## What the task requires
Set down word for word each line from the one containing "this 2212×1659 image." through the end of the records, both included. Do not copy any pictures.

## Input records
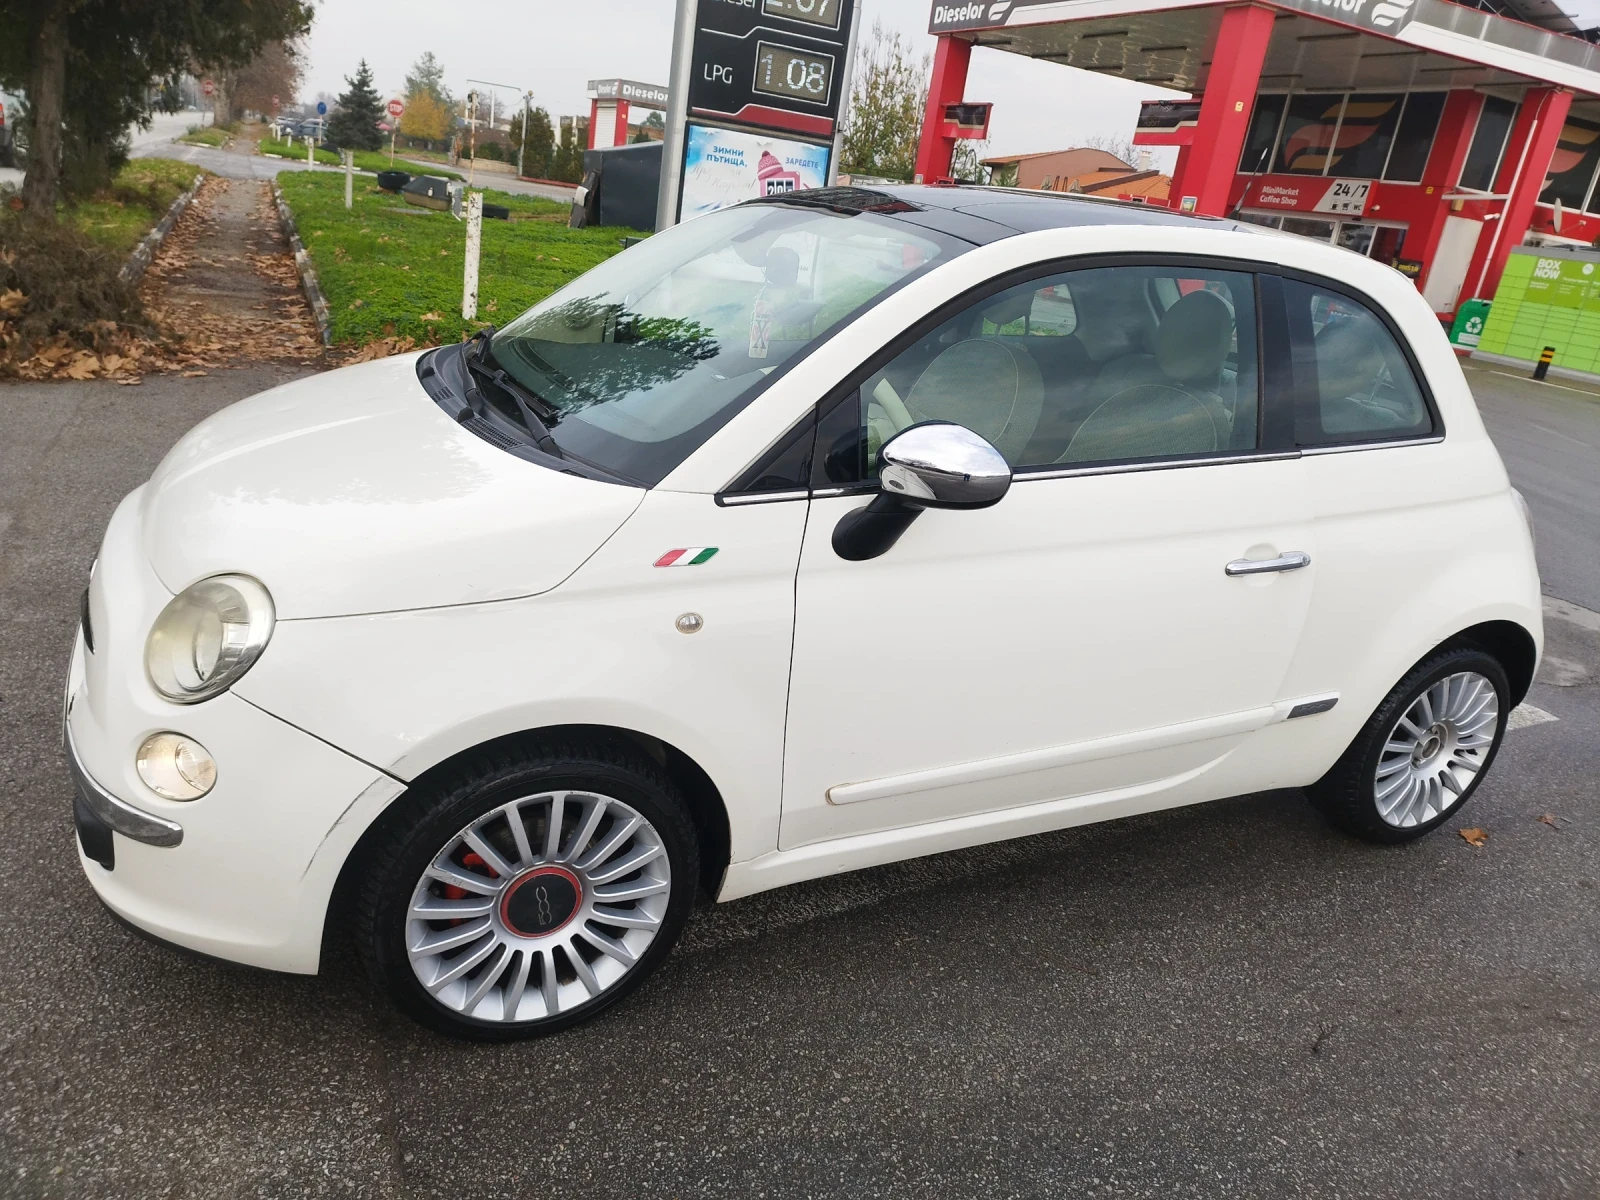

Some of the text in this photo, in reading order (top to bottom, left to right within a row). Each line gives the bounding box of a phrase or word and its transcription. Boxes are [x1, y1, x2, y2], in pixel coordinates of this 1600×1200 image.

[934, 2, 986, 24] Dieselor
[704, 63, 733, 84] LPG
[761, 54, 825, 93] 1.08
[389, 103, 403, 113] STOP
[713, 145, 744, 158] ЗИМНИ
[706, 153, 748, 168] ПЪТИЩА,
[785, 157, 819, 169] ЗАРЕДЕТЕ
[1262, 185, 1299, 196] MiniMarket
[1333, 183, 1369, 198] 24/7
[1260, 195, 1298, 206] Coffee Shop
[1538, 258, 1562, 270] BOX
[1533, 267, 1561, 280] NOW
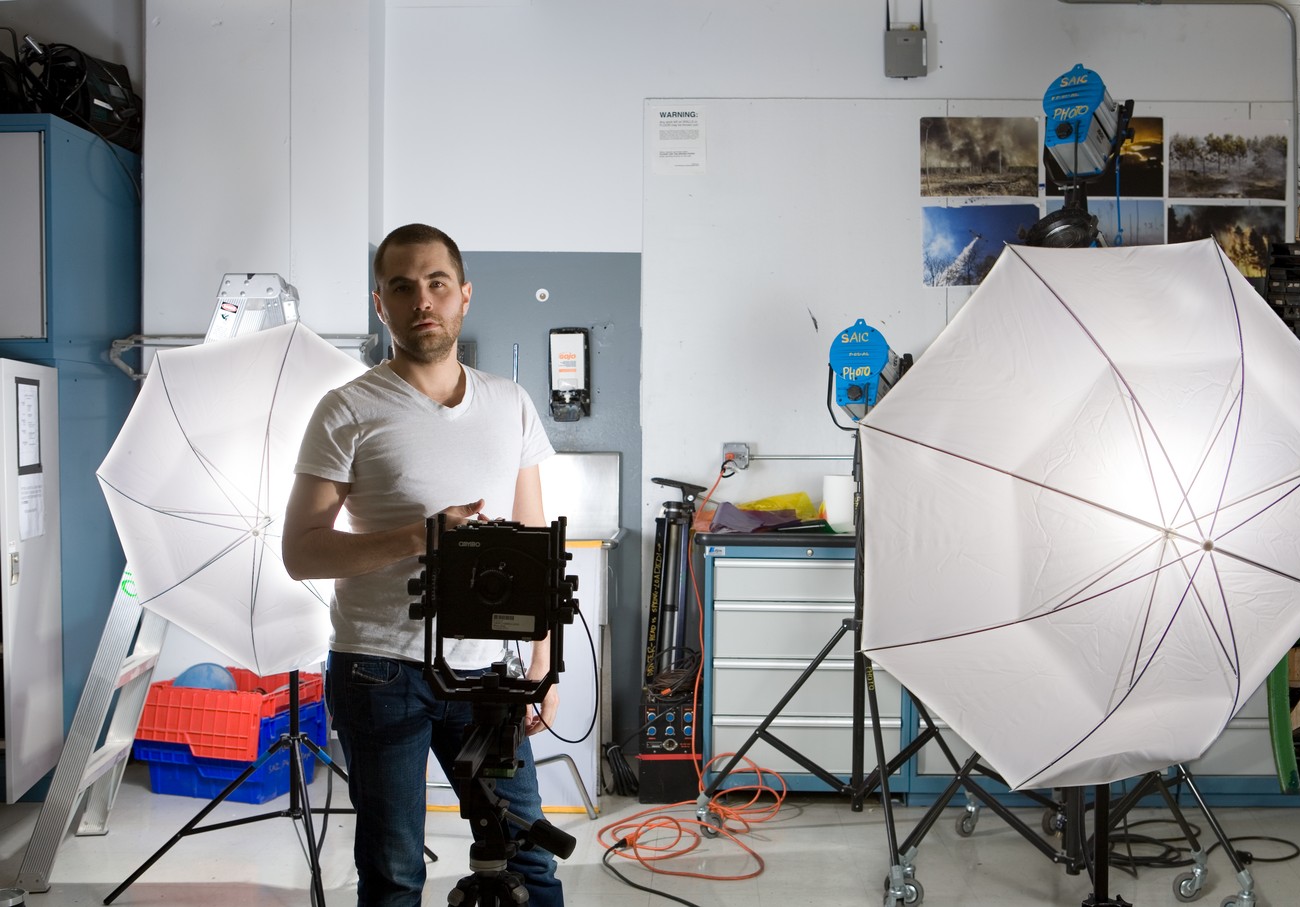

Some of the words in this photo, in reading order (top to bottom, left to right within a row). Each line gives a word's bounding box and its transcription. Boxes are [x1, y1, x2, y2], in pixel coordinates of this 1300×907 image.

[1060, 75, 1088, 87] SAIC
[1053, 105, 1089, 120] PHOTO
[841, 332, 869, 343] SAIC
[842, 366, 871, 381] PHOTO
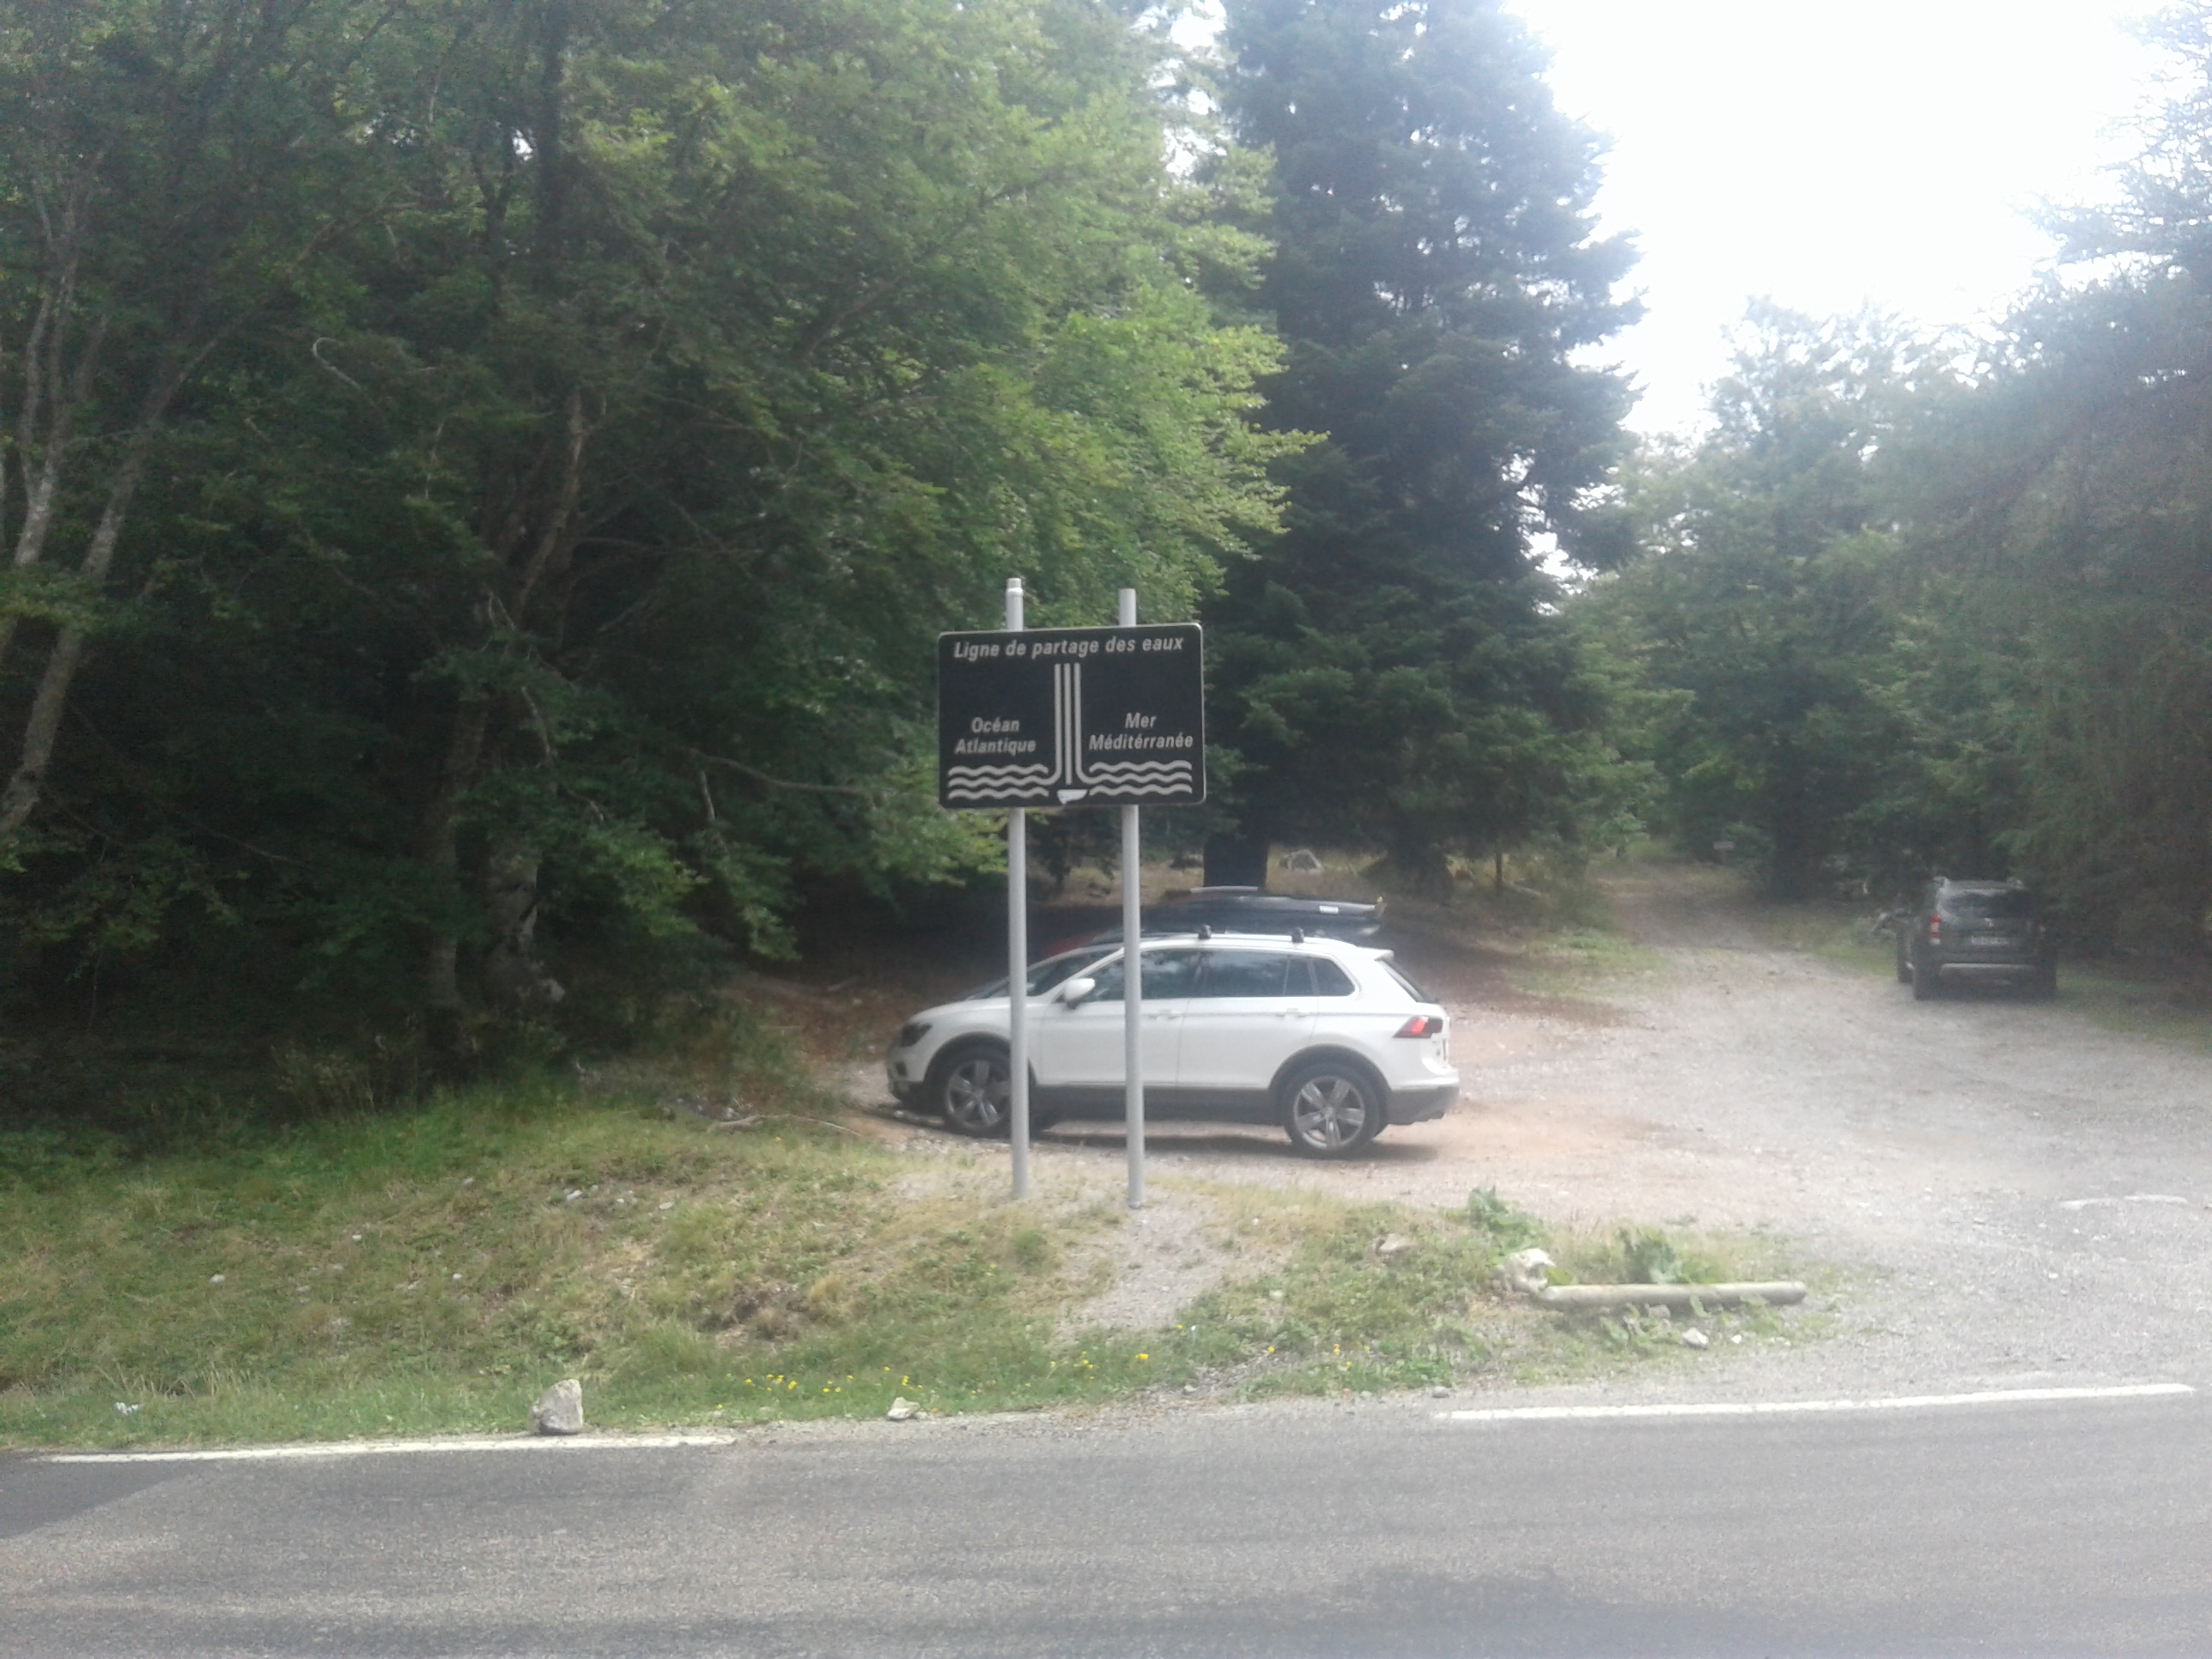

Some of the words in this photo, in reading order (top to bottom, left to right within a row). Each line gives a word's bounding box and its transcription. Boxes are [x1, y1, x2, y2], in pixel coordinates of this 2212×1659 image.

[953, 641, 1000, 661] Ligne
[1005, 640, 1026, 656] de
[1031, 639, 1099, 659] partage
[1105, 635, 1136, 652] des
[1142, 637, 1184, 650] eaux
[970, 716, 1020, 733] Océan
[1124, 712, 1157, 729] Mer
[953, 738, 1036, 757] Atlantique
[1088, 732, 1194, 751] Méditérranée
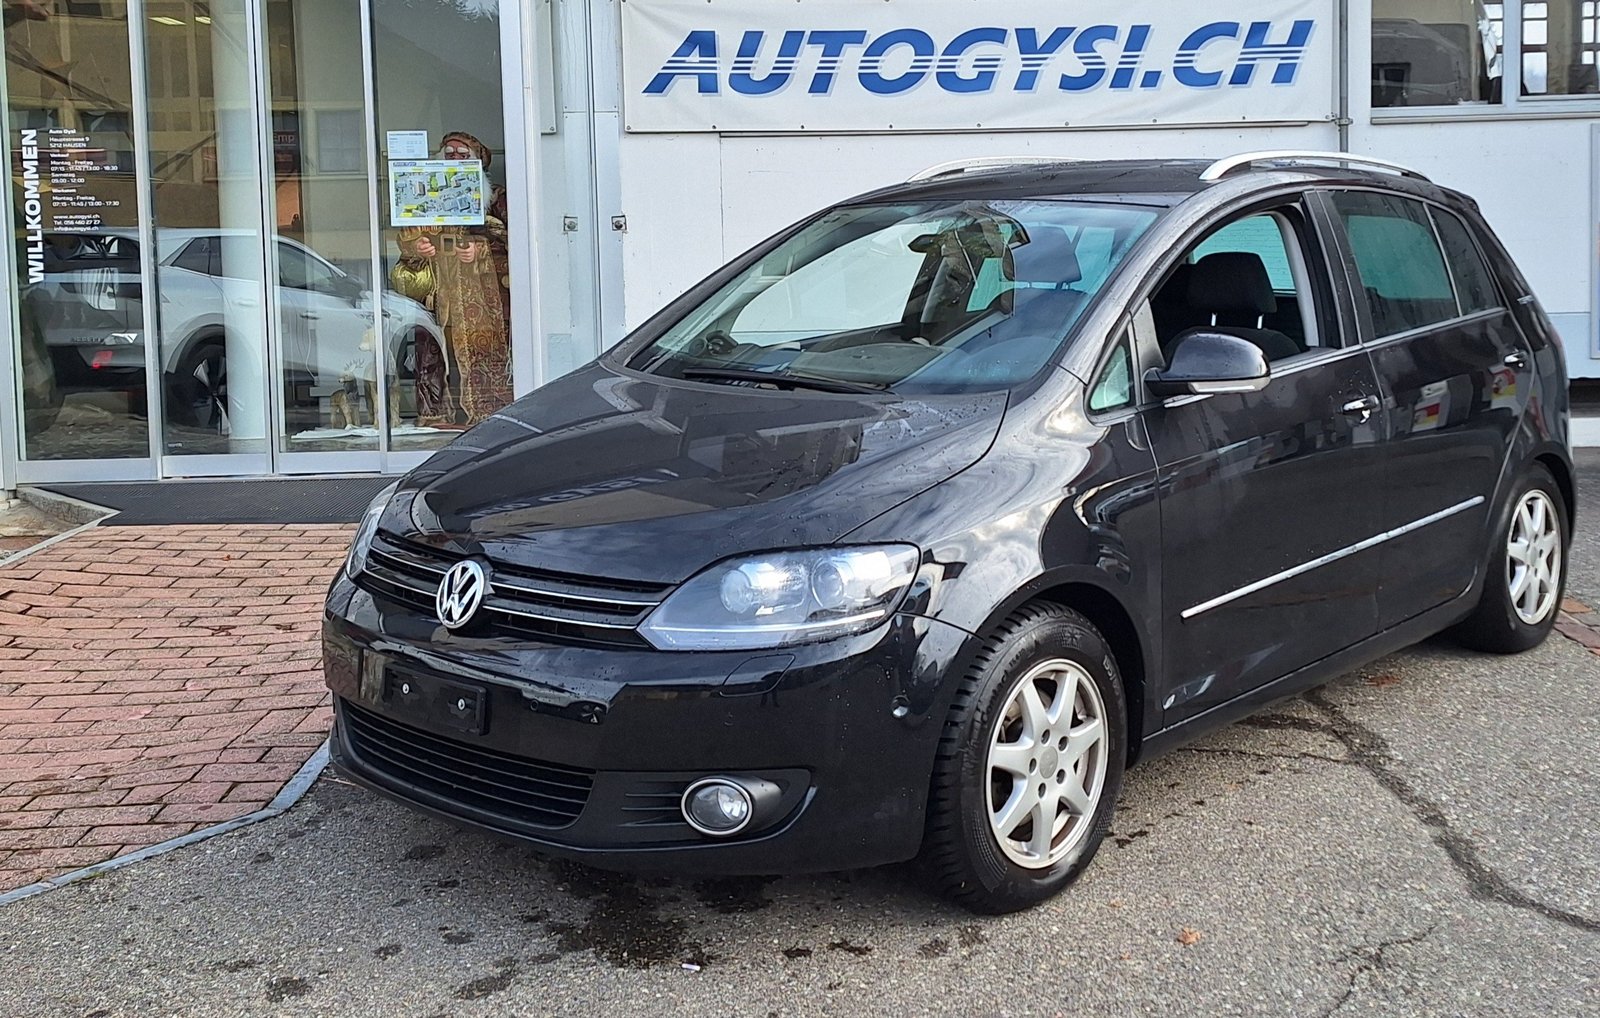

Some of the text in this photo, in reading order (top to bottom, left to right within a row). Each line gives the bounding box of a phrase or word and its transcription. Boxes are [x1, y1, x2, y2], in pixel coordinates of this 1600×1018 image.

[641, 20, 1316, 96] AUTOGYSI.CH
[21, 129, 44, 284] WILLKOMMEN
[436, 560, 485, 629] VW

## Your solution
Some of the words in this photo, in reading order (top to bottom, left to right within a row). Each line gives a word's bounding box and its transcription. Boxes are [x1, y1, x2, y2], in pixel coordinates of this 2212×1659 image.

[953, 641, 1000, 661] Ligne
[1005, 640, 1026, 656] de
[1031, 639, 1099, 659] partage
[1105, 635, 1136, 652] des
[1142, 637, 1184, 650] eaux
[970, 716, 1020, 733] Océan
[1124, 712, 1157, 729] Mer
[953, 738, 1036, 757] Atlantique
[1088, 732, 1194, 751] Méditérranée

Some of the text in this photo, in reading order (top to bottom, left to right within a row). Each line gives the bounding box of a phrase or word and its transcription. Boxes are [x1, y1, x2, y2], in pixel coordinates of this 1600×1018 image.

[641, 20, 1316, 96] AUTOGYSI.CH
[21, 129, 44, 284] WILLKOMMEN
[436, 560, 485, 629] VW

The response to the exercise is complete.